The work done with artificial neural networks

Neural networks have been in the spotlight since the great leaps that deep learning methods have yielded in the fields of computer vision and natural language processing in recent years. The concepts have been around since the 1960’s with early research revolving around relatively simple optical and recurrent neural networks. Contemporary research and applications have been focused on the ubiquitous topics of deep learning, pattern recognition, and artificial intelligence.



Where do we go from here? Everybody’s doing "deep” research

Neural networks is doing “deep”. Object recognition is doing “deep”. Unsupervised learning is doing “deep”. Everybody is doing “deep”! The resurgence of neural networks in AI research has largely been driven by the introduction of more sophisticated deep architectures, giving birth to research in deep neural networks. The same trend can be seen in object recognition, a fundamental task in computer vision, and in unsupervised learning. Currently, deep learning has risen to be a major research topic for a lot of AI researchers across all disciplines and industries. Research on “deep” will continue to increase until the foreseeable future.
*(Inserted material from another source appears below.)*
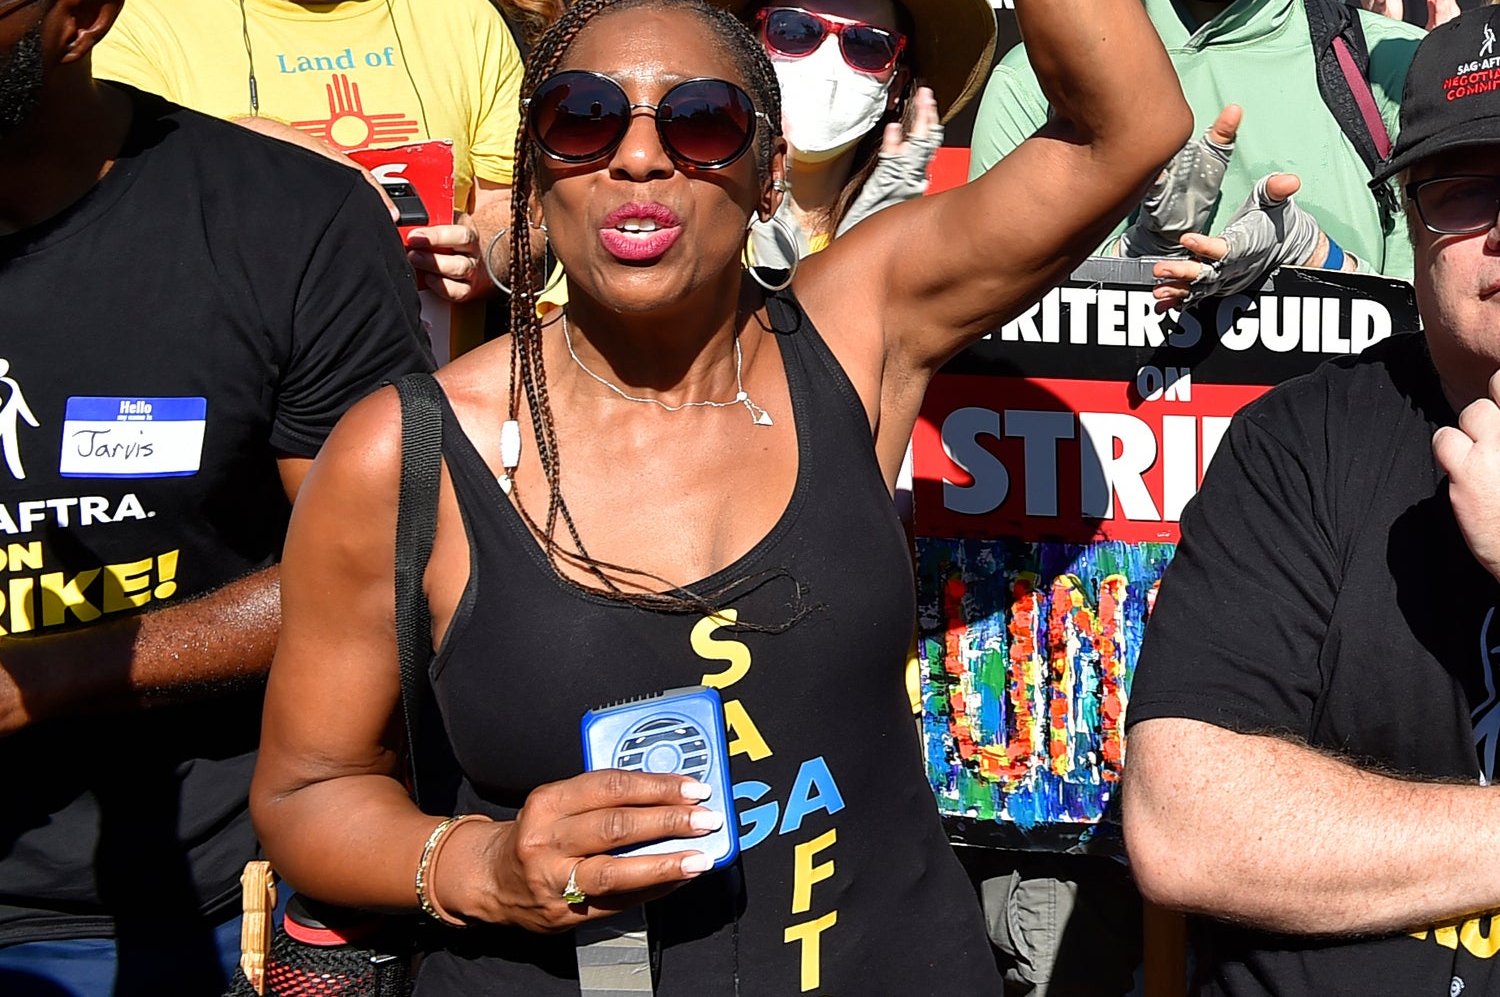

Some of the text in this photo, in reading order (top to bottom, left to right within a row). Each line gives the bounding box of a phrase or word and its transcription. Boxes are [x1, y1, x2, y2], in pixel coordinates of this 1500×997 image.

Would a "node" by any other name smell as sweet?

In network science, a “node” and a “vertex” refer to the same thing. This is the same with how “clustering” and “partition” are interchangeable. Semantics could prove to be problematic when it comes to doing research. The method we used allows for us to discover which terms researchers have been using interchangeably and could help in better understanding the AI research landscape.



Some topic friendships grow over time

The research direction of certain AI topics can be understood by looking at other topics that are increasingly related to them.

For instance, we can see the study of communities being closely associated to graphs. Most real-word graphs have inherent community structures but such groupings are not often that explicitly defined. The process of automatically detecting communities in a graph has continually been an increasingly active research area in AI.

Moreover, we can see how blackbox and optimization are becoming closely related. Most machine learning techniques that are widely used at present are based on gradient optimization. As we develop more complex machine learning models, blackbox optimization seems to be next ground for learning.



But some topic friendships fade away

As coined by Richard Bellman, the "curse of dimensionality" is the exponential increase in the number of samples needed to estimate a function whose inputs have a higher dimensionality. Essentially, data points represented in high dimension become sparse and renders any clustering of the data points meaningless. Our findings on the drifting of Bellman in the discussion of the curse of dimensionality might suggest that authors have dropped the explicit attribution of the theory to Bellman in their work. That’s the sad reality of creating excellent research. When everybody in the field knows your work, they don’t find it necessary to mention that you wrote it.

Another interesting topical drift can be observed in clustering and visualization. The decreasing similarity of these topics could be attributed to the increasing application of clustering outside of visualization.



Going beyond academic research

The use of word embeddings in analyzing topic dynamics in the AI landscape has provided us insights into how research has developed through the past 30 years. As you could imagine, this technique could be used in all fields of research. Understanding the underlying trends and directions in research in different fields becomes easy using this technique.

Beyond streamlining and making academic research more efficient, we could use the same method in applications outside of academia. In marketing for example, this technique could be applied to understand which words work best to advertise different kinds of products. In retail and e-commerce, word embedding could easily categorize and visualize comments and complaints on products, identifying pain points and possible improvements. There are many more applications for word embedding outside of the mentioned examples. It’s only a matter of having the data, knowing what to do with it, and having the right people for the job.